Cyclistic is a bike-share program that features more than 5,800 bicycles and 600 docking stations. Cyclistic sets itself apart by also offering reclining bikes, hand tricycles, and cargo bikes, making bike-share more inclusive to people with disabilities and riders who can’t use a standard two-wheeled bike. The majority of riders opt for traditional bikes; about 8% of riders use the assistive options. Cyclistic users are more likely to ride for leisure, but about 30% use them to commute to work each day.

Scenario

I am a junior data analyst working in the marketing analyst team at Cyclistic, a bike-share company in Chicago. The director of marketing believes the company’s future success depends on maximizing the number of annual memberships. Therefore, our team wants to understand how casual riders and annual members use Cyclistic bikes differently. From these insights, our team will design a new marketing strategy to convert casual riders into annual members. But first, Cyclistic executives must approve our recommendations, so they must be backed up with compelling data insights and professional data visualizations.
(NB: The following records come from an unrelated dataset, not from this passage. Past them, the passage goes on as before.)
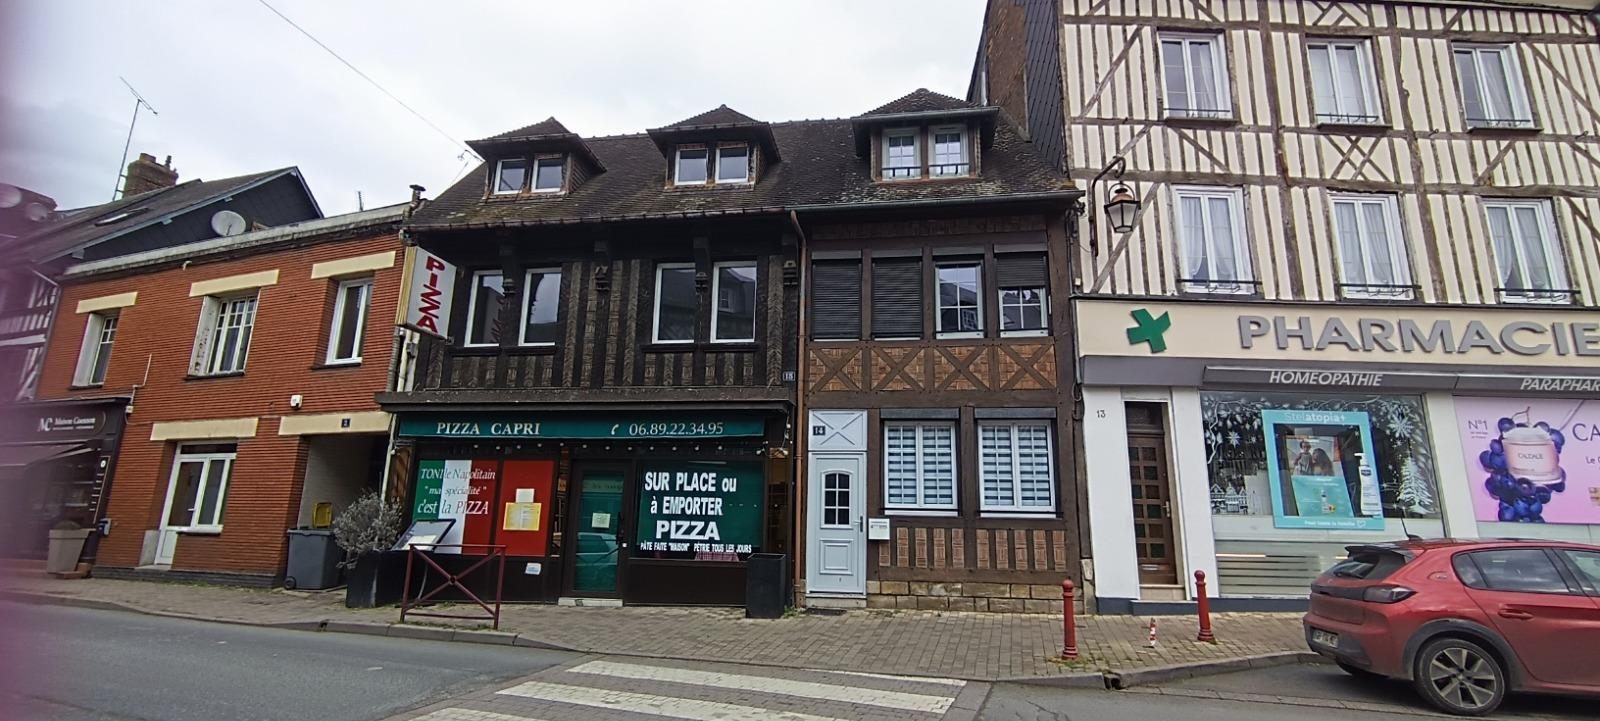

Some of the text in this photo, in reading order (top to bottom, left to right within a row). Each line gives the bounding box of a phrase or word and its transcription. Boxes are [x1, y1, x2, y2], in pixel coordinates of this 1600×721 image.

[416, 256, 446, 334] PIZZA
[1238, 315, 1600, 356] PHARMACIE
[1269, 371, 1383, 386] HOMEOPATHIE
[1096, 409, 1106, 418] 13
[436, 422, 541, 435] PIZZA CAPRI
[629, 422, 724, 436] 06.89.22.34.95
[421, 468, 444, 479] TONI
[453, 468, 496, 481] Napolitain
[644, 472, 670, 491] SUR
[675, 472, 717, 492] PLACE
[417, 499, 489, 515] c'est la PIZZA
[650, 496, 723, 516] à EMPORTER
[656, 520, 720, 541] PIZZA
[654, 542, 668, 551] FAITE
[711, 543, 725, 553] TOUS
[725, 544, 735, 553] LES
[735, 544, 752, 554] JOURS
Lily Moreno is the director of marketing and our manager. Moreno is responsible for the development of campaigns and initiatives to promote the bike-share program. These may include email, social media, and other channels.

Moreno has set a clear goal: Design marketing strategies aimed at converting casual riders into annual members. In order to do that, however, the marketing analyst team needs to better understand how annual members and casual riders differ, why casual riders would buy a membership, and how digital media could affect their marketing tactics. Moreno and her team are interested in analyzing the Cyclistic historical bike trip data to identify trends.
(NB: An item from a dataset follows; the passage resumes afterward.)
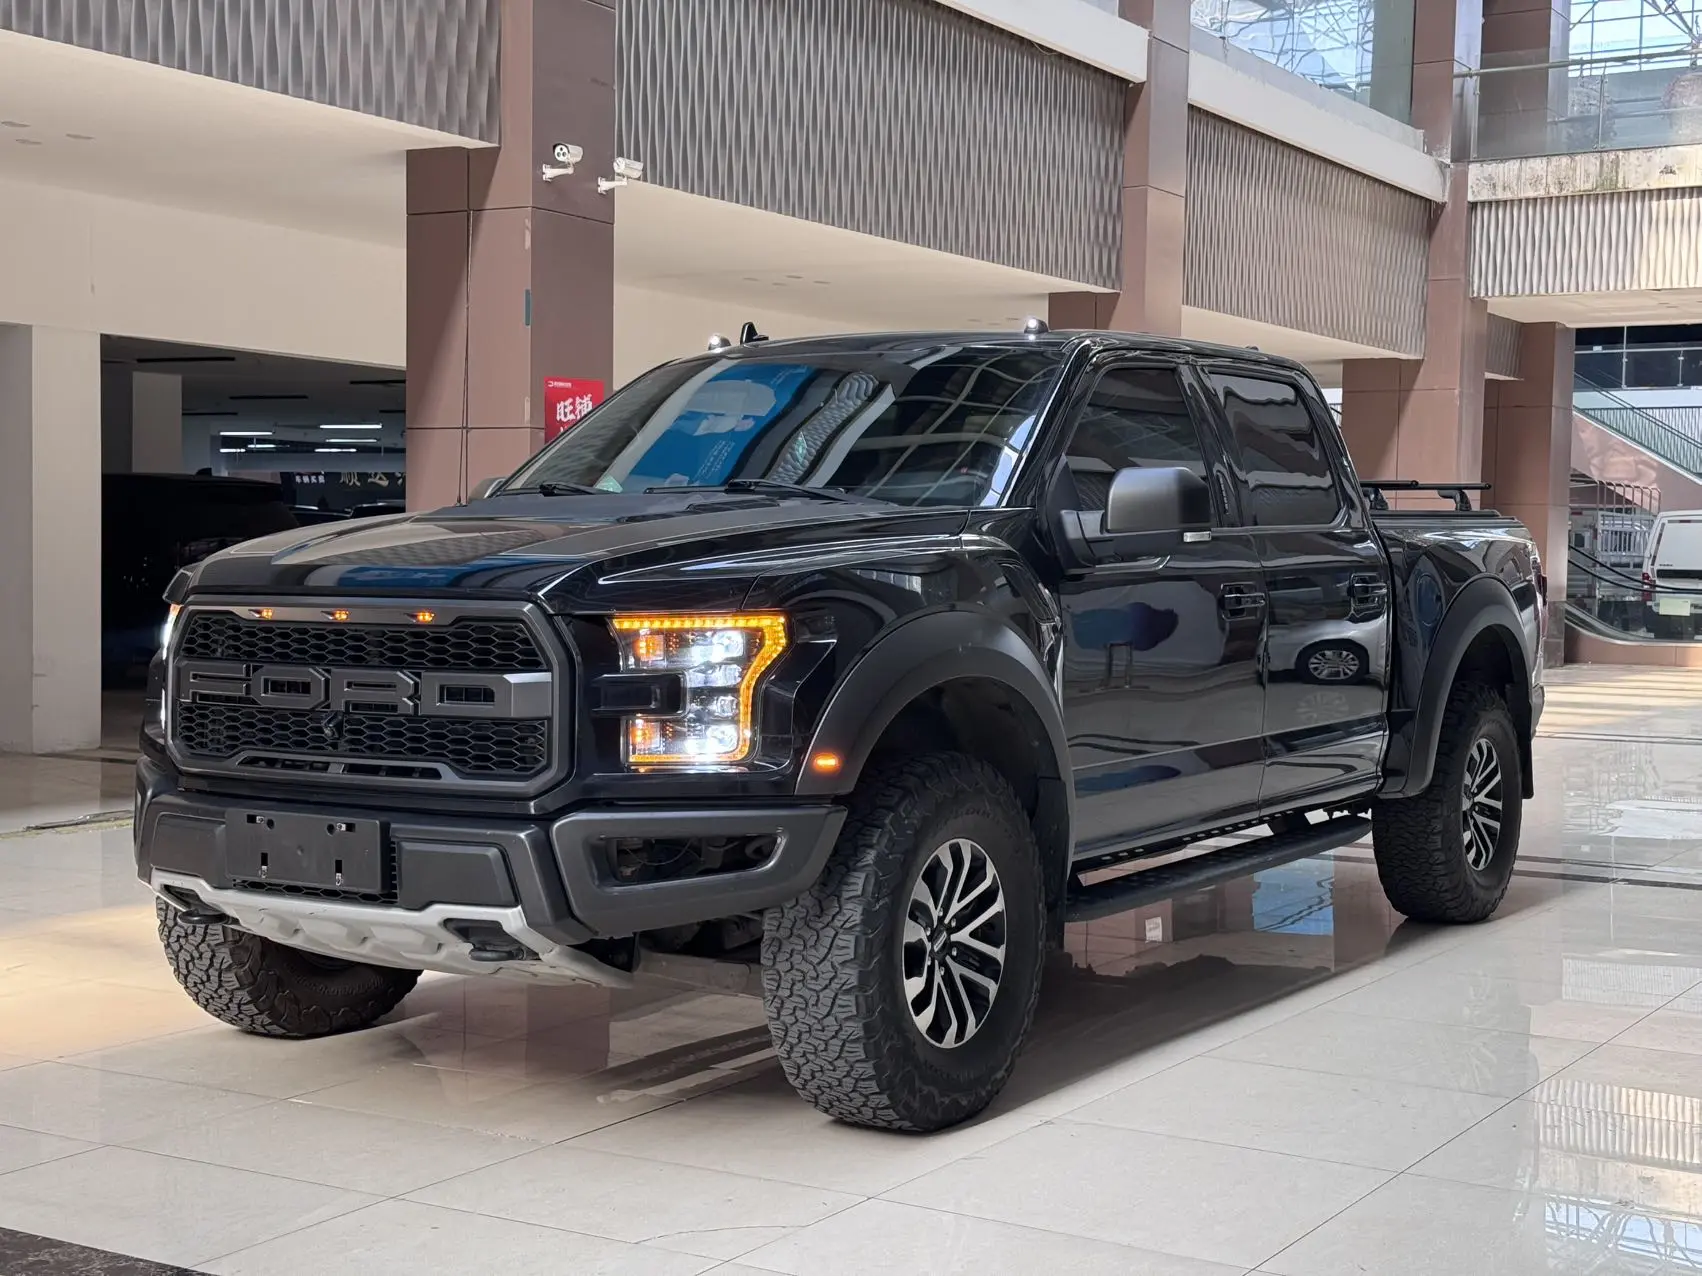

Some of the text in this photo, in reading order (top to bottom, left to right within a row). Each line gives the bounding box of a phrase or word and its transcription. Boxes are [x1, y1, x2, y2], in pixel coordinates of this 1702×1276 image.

[555, 393, 593, 422] 旺铺
[339, 471, 406, 487] 顺达
[176, 660, 514, 718] FORD
In order to answer the key business questions, I will follow the steps of the data analysis process: ask, prepare, process, analyze, share, and act.

Ask

Three questions will guide the future marketing program:

  1. How do annual members and casual riders use Cyclistic bikes differently?
  2. Why would casual riders buy Cyclistic annual memberships?
  3. How can Cyclistic use digital media to influence casual riders to become members?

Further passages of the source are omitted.